BEGIN Data to process

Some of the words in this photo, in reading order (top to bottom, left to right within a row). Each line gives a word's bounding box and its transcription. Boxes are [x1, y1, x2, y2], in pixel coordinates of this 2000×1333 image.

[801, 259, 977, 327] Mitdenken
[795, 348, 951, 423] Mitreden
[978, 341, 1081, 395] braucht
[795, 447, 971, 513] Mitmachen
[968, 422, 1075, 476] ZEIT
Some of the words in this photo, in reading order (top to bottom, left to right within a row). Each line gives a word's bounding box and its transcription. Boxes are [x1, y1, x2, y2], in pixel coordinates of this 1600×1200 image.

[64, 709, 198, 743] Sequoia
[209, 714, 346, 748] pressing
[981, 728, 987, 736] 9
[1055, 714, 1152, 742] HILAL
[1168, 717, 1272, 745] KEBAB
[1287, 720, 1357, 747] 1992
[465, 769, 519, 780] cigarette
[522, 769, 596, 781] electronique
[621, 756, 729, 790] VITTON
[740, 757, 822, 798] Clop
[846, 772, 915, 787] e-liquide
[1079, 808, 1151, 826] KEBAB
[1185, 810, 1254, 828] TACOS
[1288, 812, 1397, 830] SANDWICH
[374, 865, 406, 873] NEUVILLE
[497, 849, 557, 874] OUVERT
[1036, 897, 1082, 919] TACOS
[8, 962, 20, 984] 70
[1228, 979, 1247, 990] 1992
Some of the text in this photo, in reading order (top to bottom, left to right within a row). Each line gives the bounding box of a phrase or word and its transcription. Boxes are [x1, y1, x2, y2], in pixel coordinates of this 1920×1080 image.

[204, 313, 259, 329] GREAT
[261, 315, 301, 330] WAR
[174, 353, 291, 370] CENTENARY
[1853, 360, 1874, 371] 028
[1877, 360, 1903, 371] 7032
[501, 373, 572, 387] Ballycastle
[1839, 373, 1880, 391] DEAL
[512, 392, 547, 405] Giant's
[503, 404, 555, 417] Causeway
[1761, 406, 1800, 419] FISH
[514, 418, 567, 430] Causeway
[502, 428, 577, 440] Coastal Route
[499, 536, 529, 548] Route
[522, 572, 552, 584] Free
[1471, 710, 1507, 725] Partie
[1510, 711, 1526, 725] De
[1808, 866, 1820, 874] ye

END Data to process

Assignment>
The line containing "Some of the text" opens the range, and the last line of the entries closes it; copy that range exactly.

Output for this exercise>
Some of the text in this photo, in reading order (top to bottom, left to right within a row). Each line gives the bounding box of a phrase or word and its transcription. Boxes are [x1, y1, x2, y2], in pixel coordinates of this 1920×1080 image.

[204, 313, 259, 329] GREAT
[261, 315, 301, 330] WAR
[174, 353, 291, 370] CENTENARY
[1853, 360, 1874, 371] 028
[1877, 360, 1903, 371] 7032
[501, 373, 572, 387] Ballycastle
[1839, 373, 1880, 391] DEAL
[512, 392, 547, 405] Giant's
[503, 404, 555, 417] Causeway
[1761, 406, 1800, 419] FISH
[514, 418, 567, 430] Causeway
[502, 428, 577, 440] Coastal Route
[499, 536, 529, 548] Route
[522, 572, 552, 584] Free
[1471, 710, 1507, 725] Partie
[1510, 711, 1526, 725] De
[1808, 866, 1820, 874] ye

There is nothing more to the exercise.